Password Policy

Applies to: SQL Server

SQL Server can use Windows password policy mechanisms. The password policy applies to a login that uses SQL Server authentication, and to a contained database user with password.

SQL Server can apply the same complexity and expiration policies used in Windows to passwords used inside SQL Server. This functionality depends on the NetValidatePasswordPolicy API.


Azure SQL Database enforces password complexity. The password expiration and policy enforcement sections do not apply to Azure SQL Database.

For information on password policy for Azure SQL Managed Instance, see our SQL Managed Instance FAQ.

Password Complexity

Password complexity policies are designed to deter brute force attacks by increasing the number of possible passwords. When password complexity policy is enforced, new passwords must meet the following guidelines:

  • The password doesn't contain the account name of the user.

  • The password is at least eight characters long.

  • The password contains characters from three of the following four categories:

    • Latin uppercase letters (A through Z)

    • Latin lowercase letters (a through z)

    • Base 10 digits (0 through 9)

    • Nonalphanumeric characters such as: exclamation point (!), dollar sign ($), number sign (#), or percent (%).

Passwords can be up to 128 characters long. Use passwords that are as long and complex as possible.

Password Expiration

Password expiration policies are used to manage the lifespan of a password. When SQL Server enforces password expiration policy, users are reminded to change old passwords, and accounts that have expired passwords are disabled.

Policy Enforcement

The enforcement of password policy can be configured separately for each SQL Server login. Use ALTER LOGIN (Transact-SQL) to configure the password policy options of a SQL Server login.

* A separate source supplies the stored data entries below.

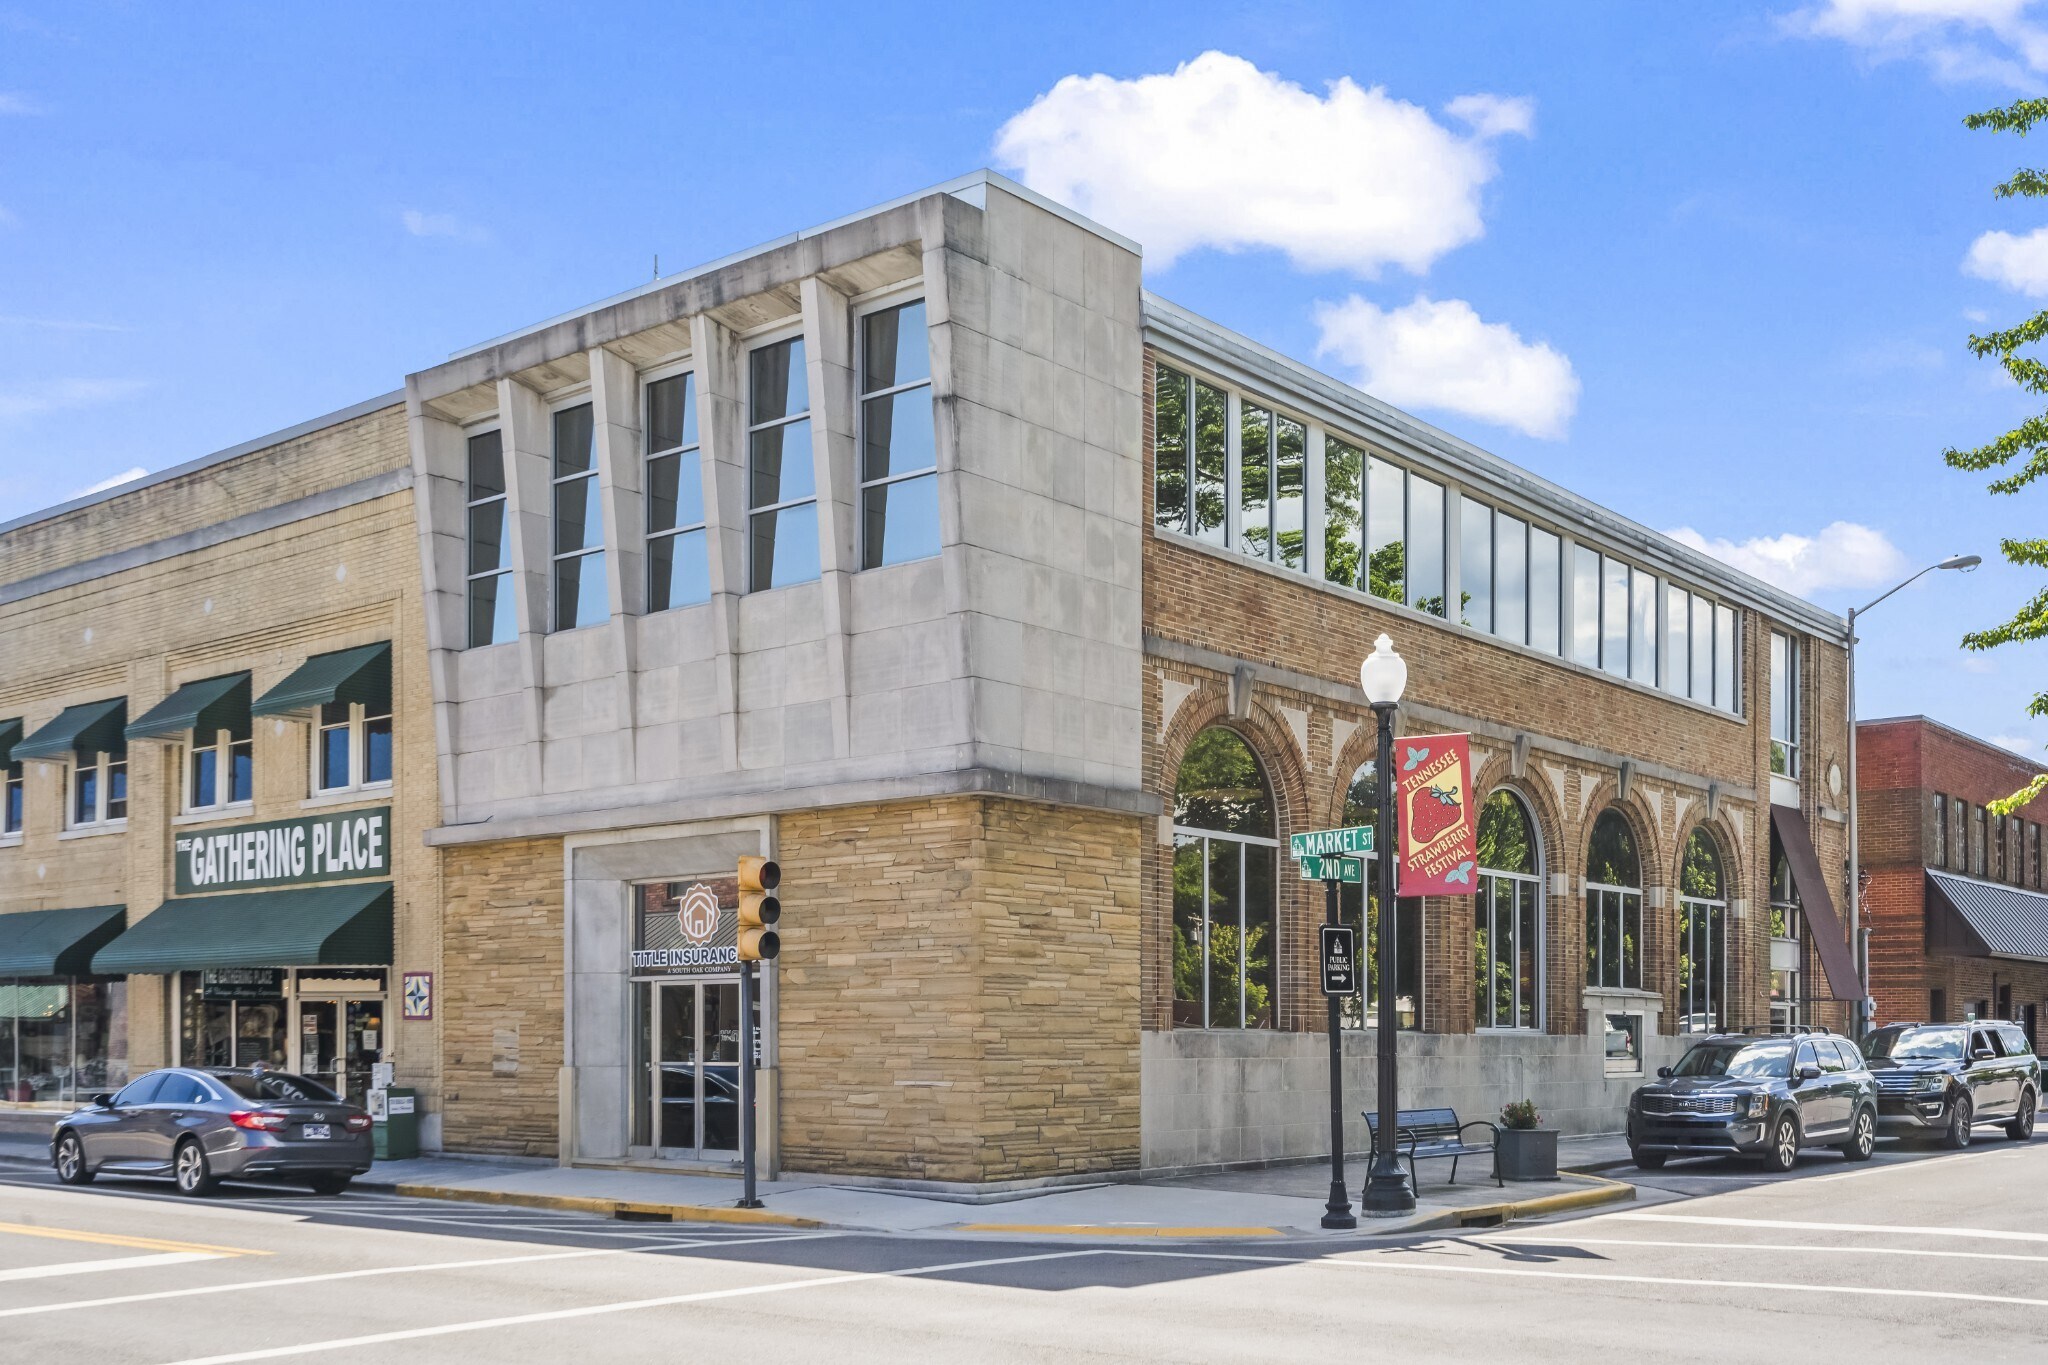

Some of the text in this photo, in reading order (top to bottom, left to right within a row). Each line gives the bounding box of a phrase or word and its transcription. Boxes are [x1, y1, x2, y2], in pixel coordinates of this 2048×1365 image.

[1402, 748, 1459, 792] TENNESSEE
[176, 816, 383, 885] THE GATHERING PLACE
[1305, 830, 1371, 855] MARKET ST
[1407, 824, 1471, 872] STRAWBERRY
[1319, 858, 1355, 879] 2ND AVE
[1424, 844, 1471, 878] FESTIVAL
[632, 946, 739, 967] TITLE INSURANC
[1327, 963, 1350, 971] PARKING

The following rules apply to the configuration of password policy enforcement:

  • When CHECK_POLICY is changed to ON, the following behaviors occur:

    • CHECK_EXPIRATION is also set to ON unless it's explicitly set to OFF.

    • The password history is initialized with the value of the current password hash.

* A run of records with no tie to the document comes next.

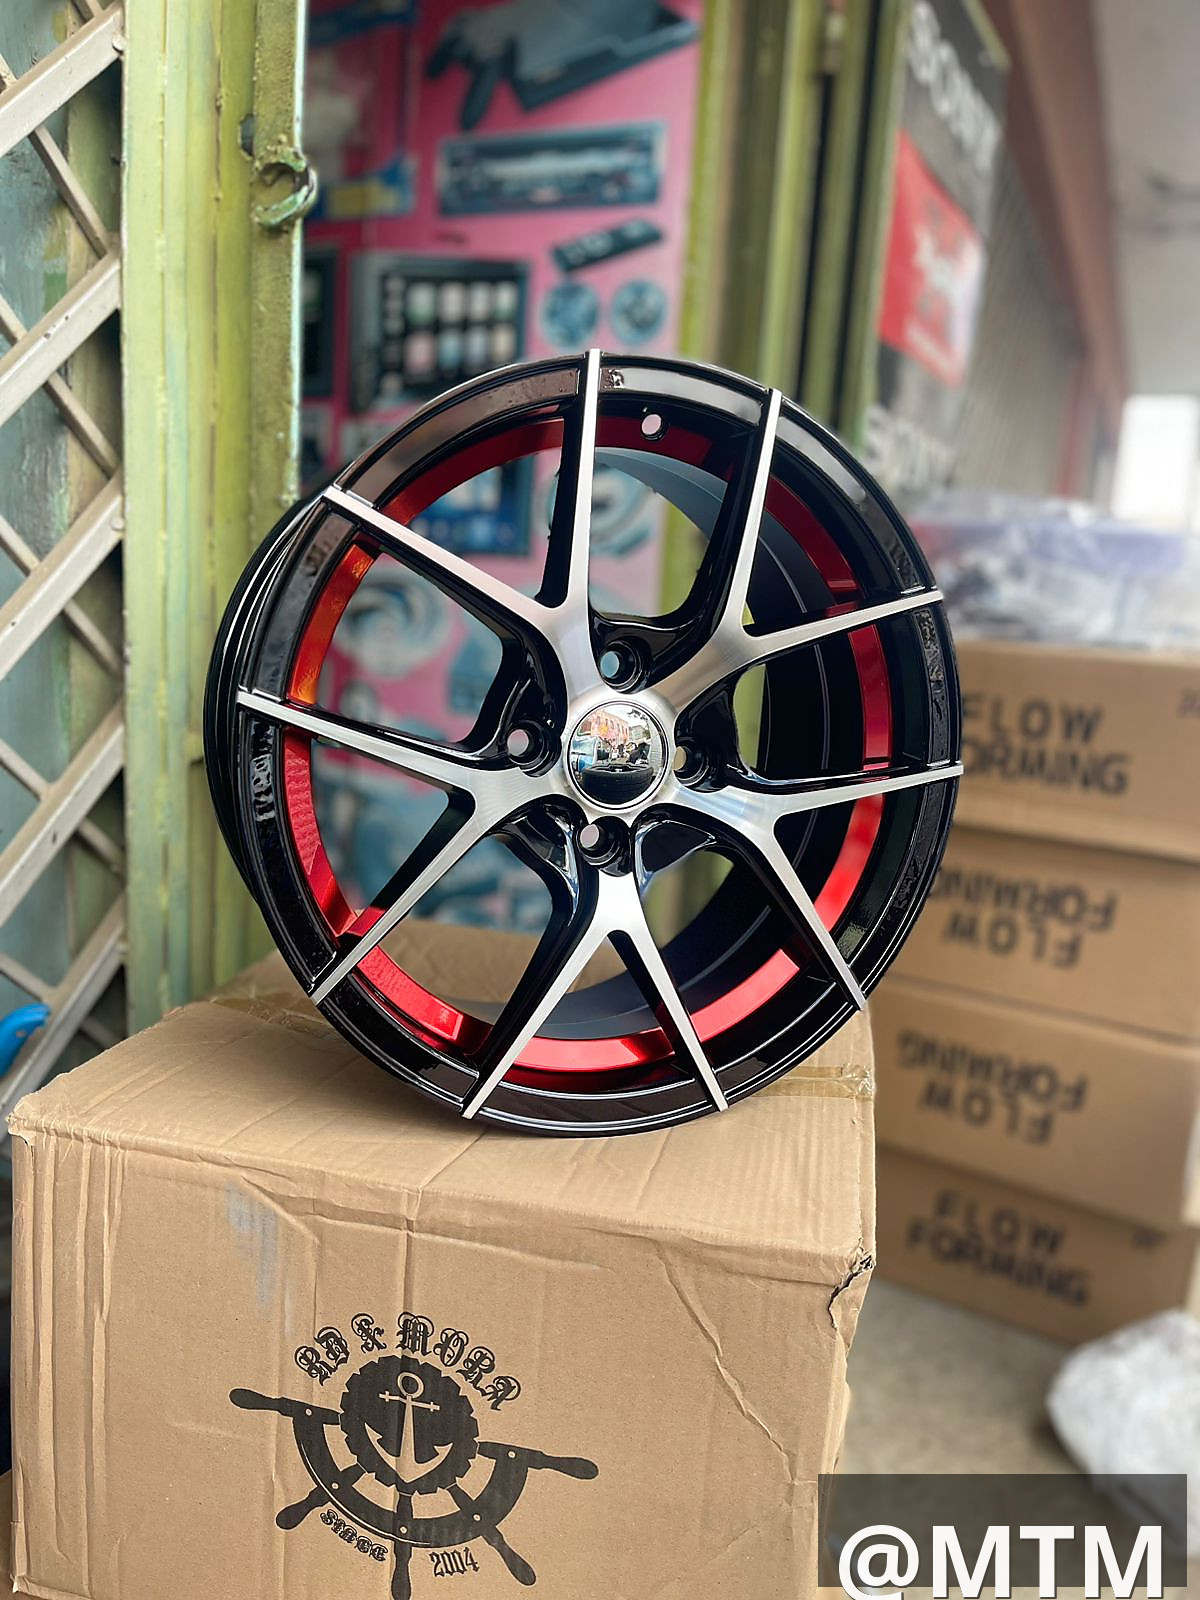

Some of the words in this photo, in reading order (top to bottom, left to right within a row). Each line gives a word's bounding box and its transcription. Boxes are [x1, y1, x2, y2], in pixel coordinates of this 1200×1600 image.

[961, 691, 1104, 745] FLOW
[961, 738, 1131, 796] ORMING
[940, 913, 1082, 970] FLOW
[897, 1028, 1089, 1113] FORMING
[917, 1081, 1055, 1145] FLOW
[933, 1187, 1067, 1256] FLOW
[906, 1216, 1092, 1307] FORMING
[429, 1546, 480, 1577] 2004

    • Account lockout duration, account lockout threshold, and reset account lockout counter after are also enabled.

  • When CHECK_POLICY is changed to OFF, the following behaviors occur:

    • CHECK_EXPIRATION is also set to OFF.

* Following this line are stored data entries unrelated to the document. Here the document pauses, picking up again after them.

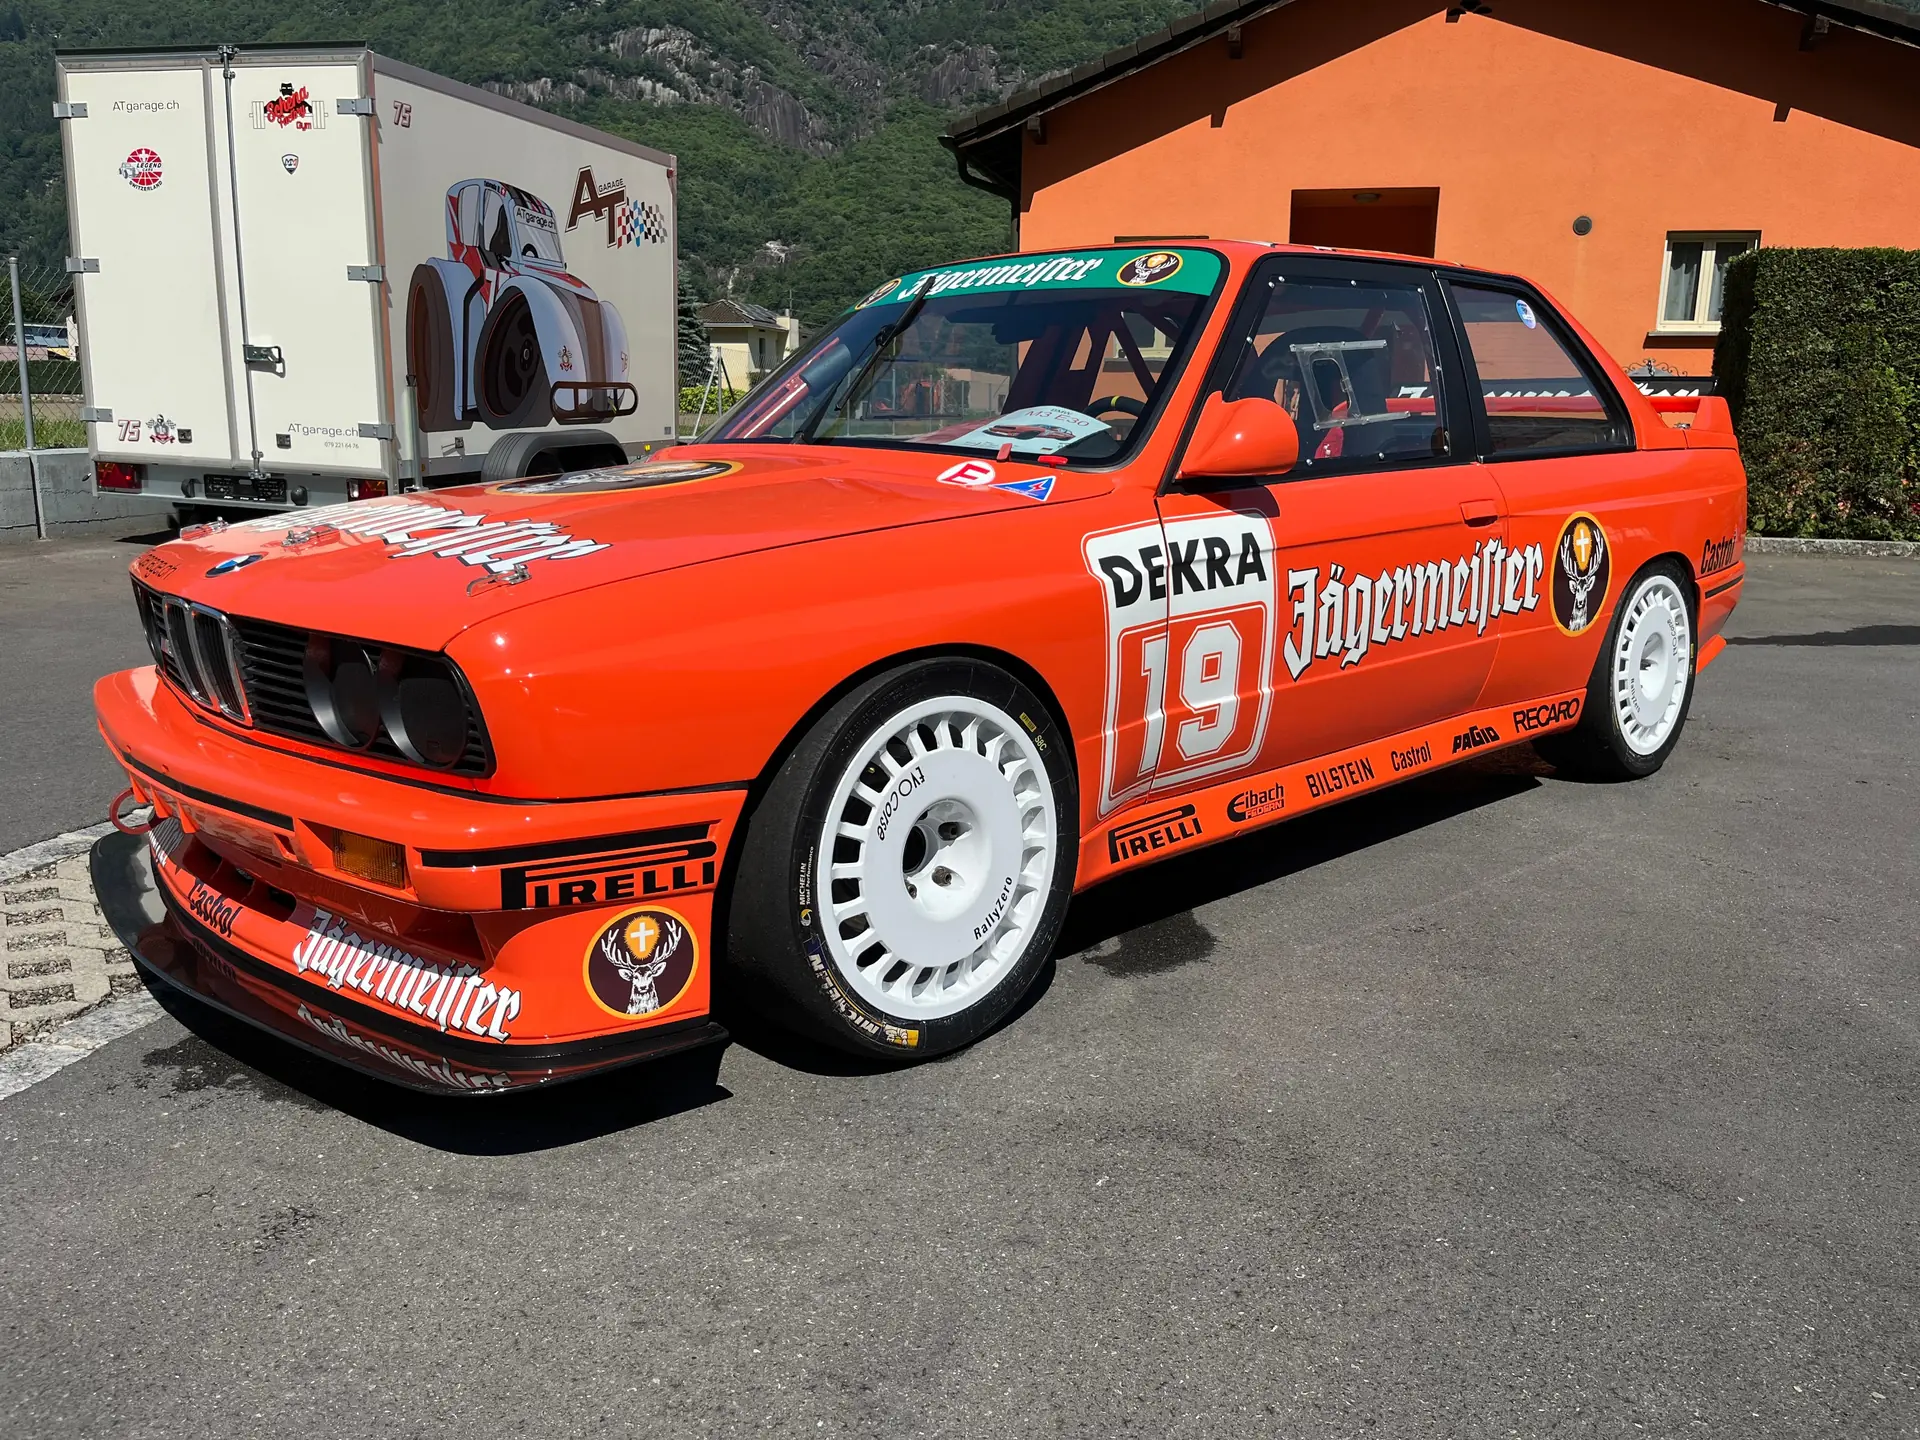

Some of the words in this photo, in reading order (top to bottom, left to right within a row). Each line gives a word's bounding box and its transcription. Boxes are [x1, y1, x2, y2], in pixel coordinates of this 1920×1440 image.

[112, 100, 180, 113] ATgarage.ch
[393, 101, 412, 128] 75
[296, 121, 312, 132] Gym
[128, 180, 163, 192] SWITZERLAND
[598, 178, 624, 193] GARAGE
[117, 419, 141, 442] 75
[288, 423, 359, 438] ATgarage.ch
[1024, 410, 1053, 418] M3
[1053, 413, 1090, 427] E30
[940, 462, 991, 485] E
[1098, 532, 1268, 608] DEKRA
[1136, 619, 1244, 779] 19
[1512, 697, 1580, 734] RECARO
[1034, 734, 1047, 752] S8C
[1451, 725, 1501, 755] PAGID
[1390, 740, 1433, 773] Castrol
[1305, 756, 1376, 799] BILSTEIN
[1226, 782, 1285, 823] Eibach
[1245, 798, 1285, 820] FEDERN
[1107, 803, 1203, 865] PIRELLI
[500, 840, 717, 911] PIRELLI
[798, 862, 808, 906] MICHELIN
[187, 878, 244, 939] Castrol

    • The password history is cleared.

    • The value of lockout_time is reset.

Some combinations of policy options aren't supported.

  • If MUST_CHANGE is specified, CHECK_EXPIRATION and CHECK_POLICY must be set to ON. Otherwise, the statement fails.

  • If CHECK_POLICY is set to OFF, CHECK_EXPIRATION can't be set to ON. An ALTER LOGIN statement that has this combination of options will fail.

  • Setting CHECK_POLICY = ON prevents the creation of passwords that are:

    • Null or empty

    • Same as name of computer or login

    • Any of the following: password, admin, administrator, sa, sysadmin

The security policy might be set in Windows, or might be received from the domain. To view the password policy on the computer, use the Local Security Policy MMC snap-in (secpol.msc).


For SQL Server logins that have CHECK_POLICY enabled, if you run ALTER LOGIN and do not include OLD_PASSWORD in the command to change the password, then Enforce Password History is ignored. This is a by-design behavior to allow password resets, despite any previously used passwords. Other checks associated with CHECK_POLICY, including length and complexity are checked regardless of whether OLD_PASSWORD is used.